Material shown:
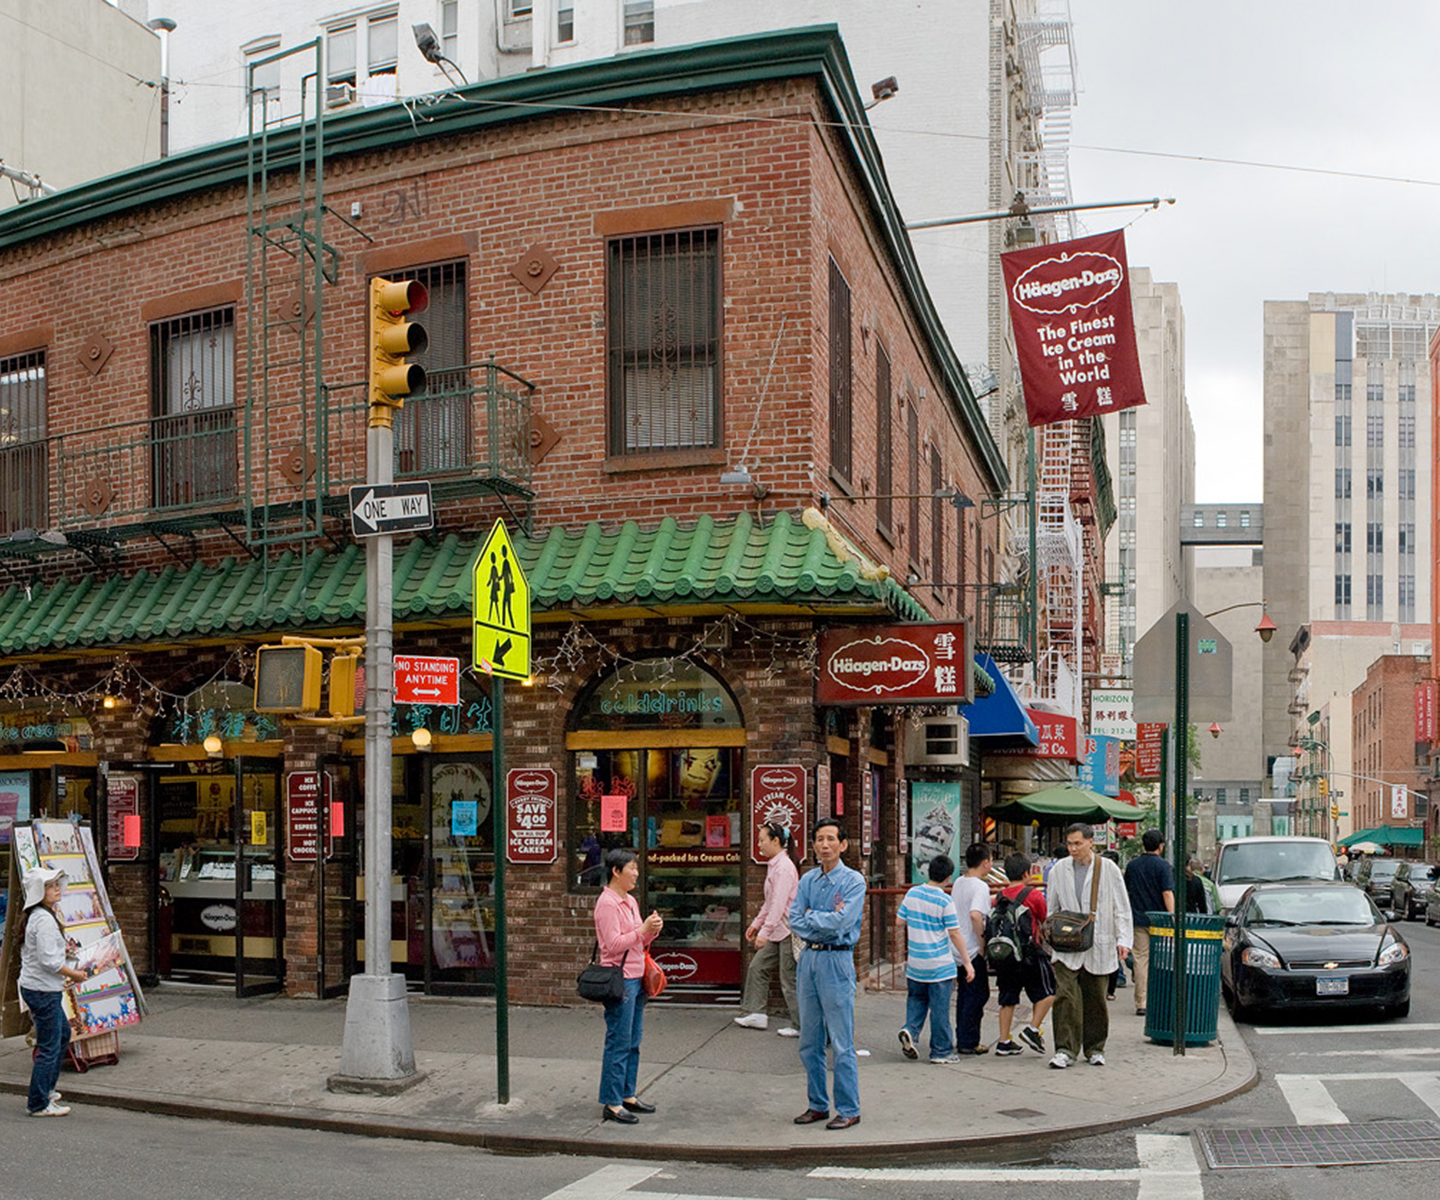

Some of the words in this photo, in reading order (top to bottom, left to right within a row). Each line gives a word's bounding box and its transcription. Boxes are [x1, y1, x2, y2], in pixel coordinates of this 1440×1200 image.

[1018, 266, 1120, 301] Häagen-Dazs
[1037, 326, 1066, 343] The
[1070, 315, 1115, 335] Finest
[1042, 341, 1064, 358] Ice
[1067, 333, 1116, 352] Cream
[1058, 357, 1074, 371] in
[1078, 350, 1105, 366] the
[1059, 364, 1110, 386] World
[363, 499, 387, 519] ONE
[401, 496, 426, 515] WAY
[398, 661, 410, 671] NO
[413, 661, 455, 674] STANDING
[833, 656, 926, 676] Häagen-Dazs
[404, 674, 448, 685] ANYTIME
[1093, 694, 1129, 703] HORIZON
[763, 792, 785, 803] CREAM
[785, 793, 803, 810] CAKES
[517, 804, 547, 814] SAVE
[509, 838, 522, 846] ICE
[524, 838, 553, 846] CREAM
[293, 846, 327, 854] CHOCOLE
[518, 846, 545, 854] CAKES
[647, 853, 687, 863] nd-packed
[688, 854, 698, 862] Ice
[700, 853, 724, 863] Cream
[725, 853, 741, 862] Cak

Work to be completed:
The data above should be restated exactly, with its images dropped.

Output:
Some of the words in this photo, in reading order (top to bottom, left to right within a row). Each line gives a word's bounding box and its transcription. Boxes are [x1, y1, x2, y2], in pixel coordinates of this 1440×1200 image.

[1018, 266, 1120, 301] Häagen-Dazs
[1037, 326, 1066, 343] The
[1070, 315, 1115, 335] Finest
[1042, 341, 1064, 358] Ice
[1067, 333, 1116, 352] Cream
[1058, 357, 1074, 371] in
[1078, 350, 1105, 366] the
[1059, 364, 1110, 386] World
[363, 499, 387, 519] ONE
[401, 496, 426, 515] WAY
[398, 661, 410, 671] NO
[413, 661, 455, 674] STANDING
[833, 656, 926, 676] Häagen-Dazs
[404, 674, 448, 685] ANYTIME
[1093, 694, 1129, 703] HORIZON
[763, 792, 785, 803] CREAM
[785, 793, 803, 810] CAKES
[517, 804, 547, 814] SAVE
[509, 838, 522, 846] ICE
[524, 838, 553, 846] CREAM
[293, 846, 327, 854] CHOCOLE
[518, 846, 545, 854] CAKES
[647, 853, 687, 863] nd-packed
[688, 854, 698, 862] Ice
[700, 853, 724, 863] Cream
[725, 853, 741, 862] Cak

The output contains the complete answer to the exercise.